Deadweight is an excellent tool for identifying unused CSS selectors. It’s flexible, too: you can identify paths in your application for deadweight to scan, or use it as an HTTP proxy and click around in your site, or just pass it static HTML files to analyze. There are a few caveats (for example, selectors inserted by Javascript aren’t tracked) but it’s generally a solid approach for finding unused CSS rules.

I didn’t want to spend a lot of time clicking through the site, and wanted to eliminate the possibility that I would forget a page or two to include. I decided to run the Hoptoad integration tests (Cucumber features, in this case) and capture the response bodies.

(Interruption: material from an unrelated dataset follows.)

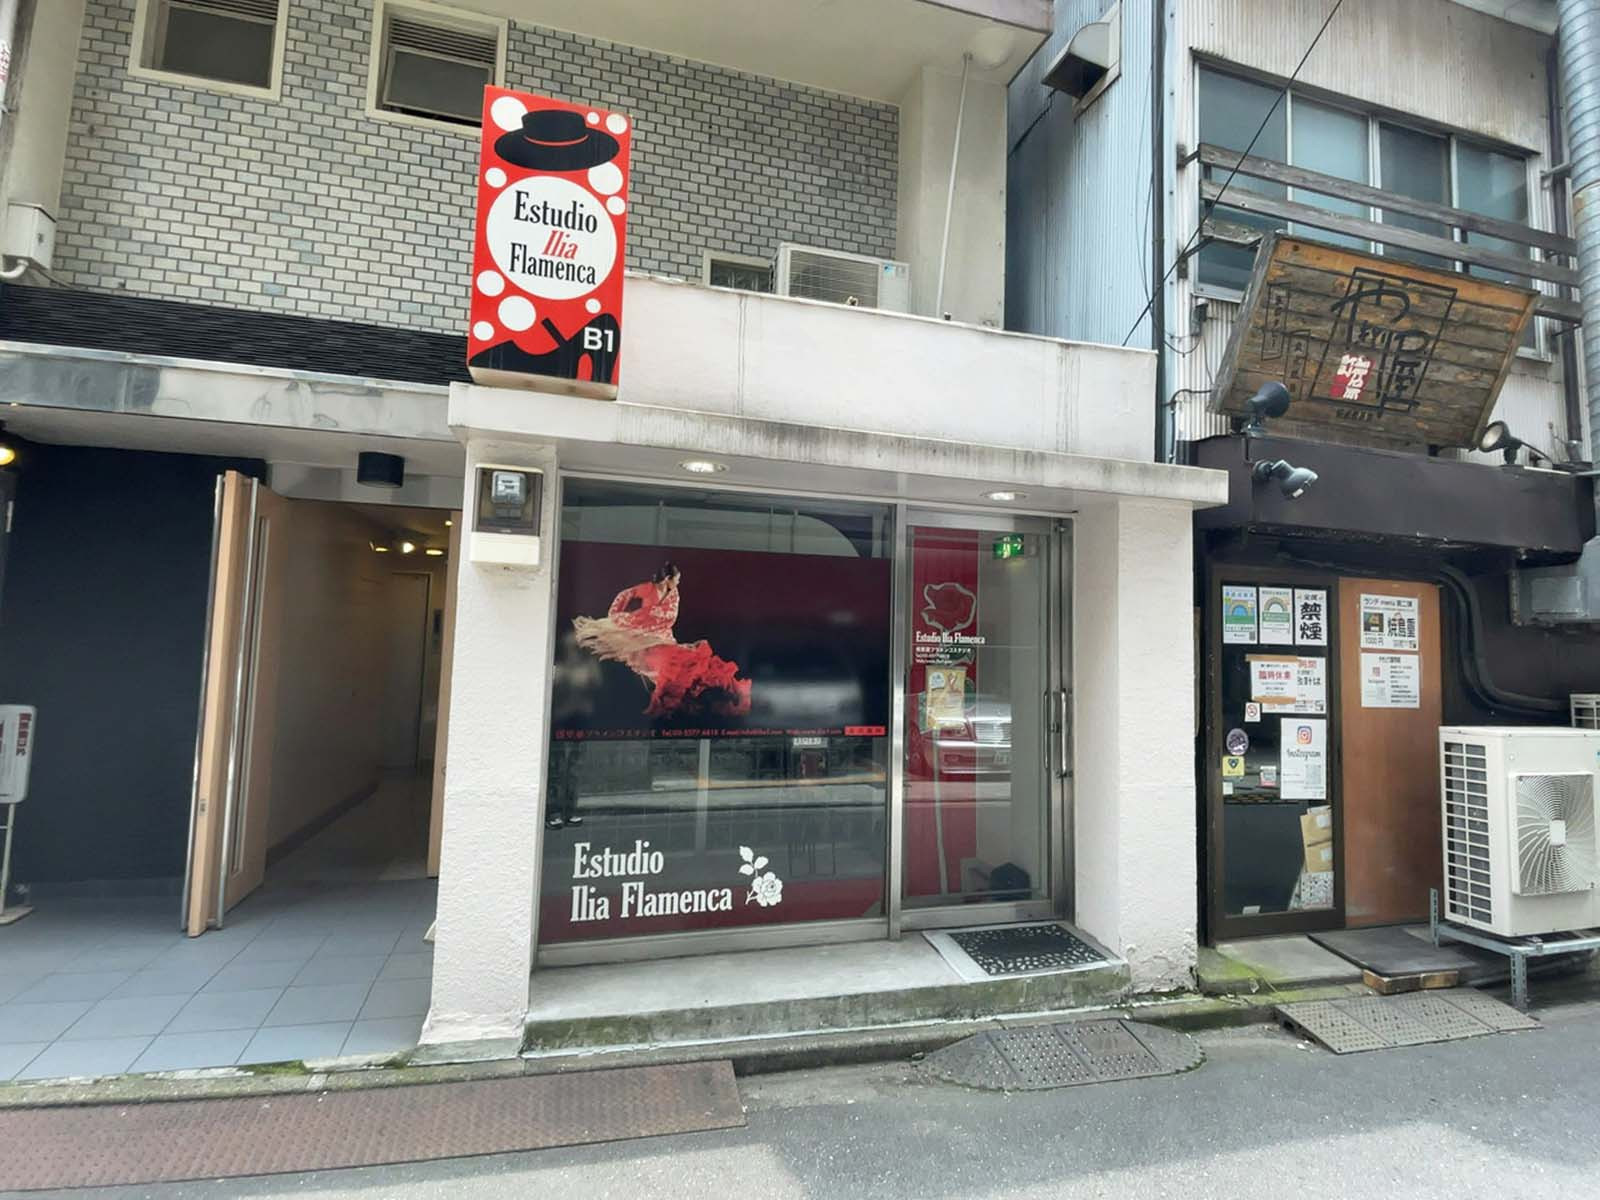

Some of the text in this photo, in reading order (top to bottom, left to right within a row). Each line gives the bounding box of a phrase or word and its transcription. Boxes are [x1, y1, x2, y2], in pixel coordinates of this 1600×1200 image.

Rack middleware to the rescue

I wrote the following piece of Rack middleware:

class ResponseLoggerMiddleware
  RESPONSE_LOG_DIR = Rails.root.join('log', 'responses')
  Dir.mkdir(RESPONSE_LOG_DIR) unless Dir.exist?(RESPONSE_LOG_DIR)

  def initialize(app)
    @app = app
  end

  def call(env)
    response = @app.call(env)
    log(response)
    response
  end

  def log(rack_response)
    code, headers, response = rack_response

    if response.respond_to?(:body)
      html = response.body
      filename = "response_#{Time.now.to_f}.html"
      File.open(RESPONSE_LOG_DIR.join(filename), 'wb') do |file|
        file.puts(html)
      end
    end
  end
end

and included it:

# For Rails 2, include in config/environment.rb
# For Rails 3, include in config/application.rb
# Why Rack::Lock? http://guides.rubyonrails.org/rails_on_rack.html#internal-middleware-stack
config.middleware.insert_after 'Rack::Lock', 'ResponseLoggerMiddleware'

After the tests ran, I processed the output with deadweight:

gem install deadweight
cat public/stylesheets/*.css | deadweight log/responses/*

Ta-da! If you’re curious what Deadweight output looks like, here’s what I got: https://gist.github.com/cf34709887bf63b1ec15

Further reading

  • Ryan Bates’ Railscast on Deadweight will get you familiar with the tool.
  • The Helium tool lets you drop a piece of JavaScript on your site and paste in a list of URLs, and will compute unused CSS selectors.
  • SitePoint’s Dust-Me Selectors is a Firefox plugin that identify unused CSS selectors. It can spider through your site with a sitemap, too.

Extra credit

You could bundle this all up into a rake task, run it on your CI server, and fail the build whenever there are new unused CSS rules.